RAHMAT MIRZANI

Beda yang Sama

-Ilustrasi Freepik-

Setelah sekian lama kami bersama. Menjalin asmara dengan lika-likunya. Menentang hal yang paling sakral bagi manusia mengatasnamakan cinta.

Semakin lama aku dan pria itu bersama, semakin aku memikirkan segala hal yang mungkin akan terjadi nanti. Entah restu akan kami raih ataukah tidak. Entah bahagia akan kami capai ataukah tidak. Kami tak tau karena cerita ini tak akan pernah berhenti. Kami yakin ada jalan untuk menyatu.

****

Tepat di bawah bulan yang bersinar sebagai penerang kehidupan. Disaksikan oleh ribuan bintang yang menggantung di langit malam. Aku bertemu dengan pria itu. Memandang indahnya dunia malam bersama sang pujaan.

Hening. Hanya gesekan angin dengan pohon yang menggugurkan dedaunan sebagai pemecah keheningan.

Pria itu menggenggam tanganku, menatap lekat ke manik mataku.

"Kita akan tetap bersama apa pun penghalangnya."

Bibir pria itu tertarik ke atas membuat sebuah lengkungan kebahagian.

"Kenapa? Apa kau tak percaya pada ucapanku?"

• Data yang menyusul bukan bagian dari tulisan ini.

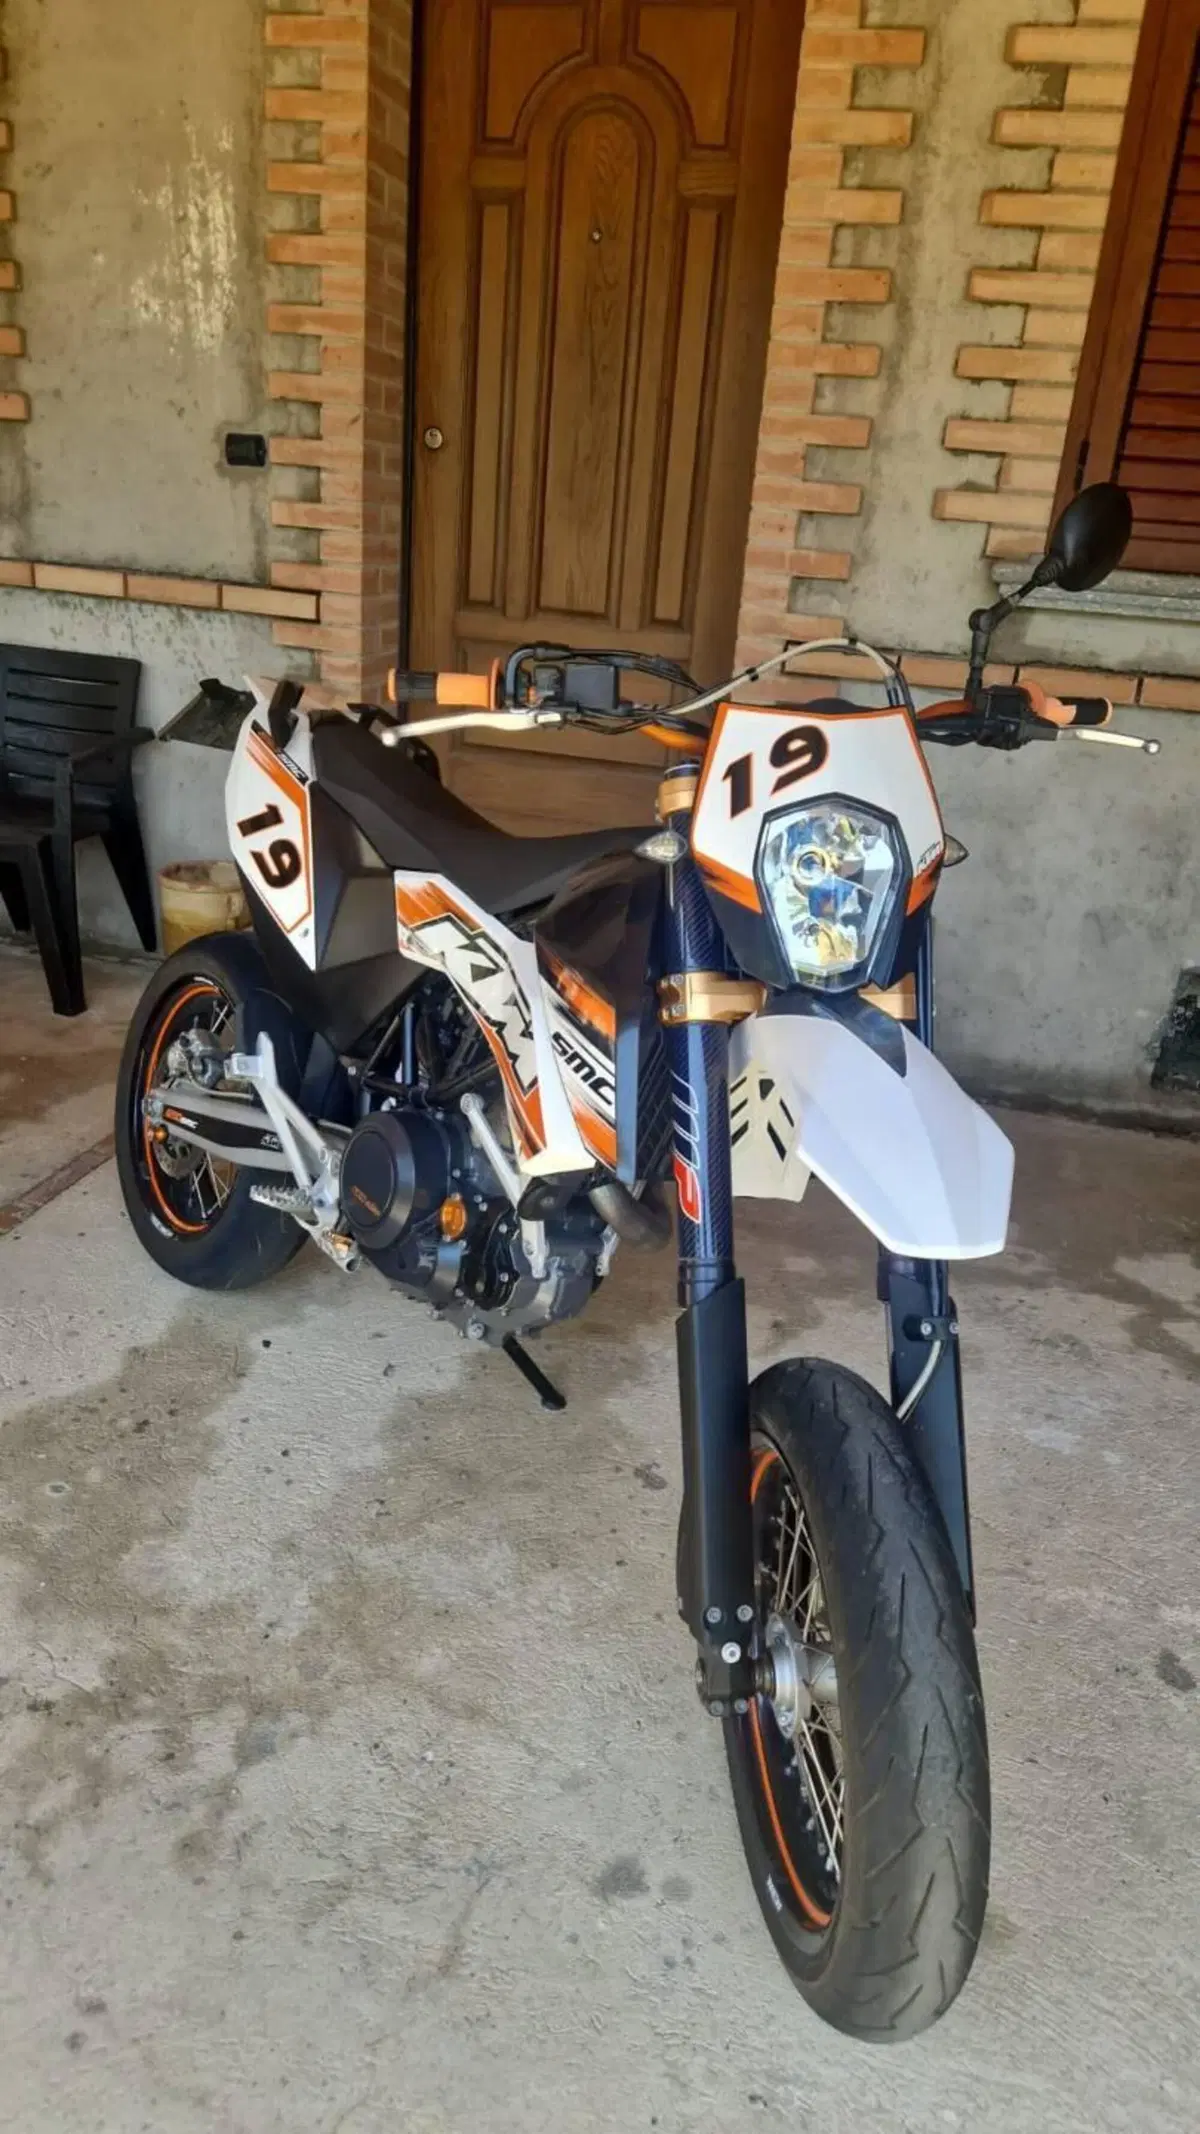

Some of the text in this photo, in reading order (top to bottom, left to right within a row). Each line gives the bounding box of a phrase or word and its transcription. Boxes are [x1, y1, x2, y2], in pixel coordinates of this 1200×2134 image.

[722, 725, 829, 819] 19
[236, 803, 302, 889] 19
[411, 919, 539, 1093] KTM

Dahi pria di sampingku ini berkerut setelah melihat perubahan ekspresi di wajahku. Aku tak mampu memandang wajahnya.

"Bukan begitu, tapi banyak pertanyaan yang melintas di pikiranku."

Aku melepas genggaman tangan kami. Kujatuhkan tubuhku di atas rumput hijau dengan kedua tangan sebagai bantalan.

"Di manakah tempat yang akan menyakralkan kita kelak? Di mana tempat yang akan menyatukan kita kelak?"

Mataku mulai berair mengatakan hal itu. Pria itu menatapku sejenak, kemudian menjatuhkan tubuhnya seperti yang kulakukan.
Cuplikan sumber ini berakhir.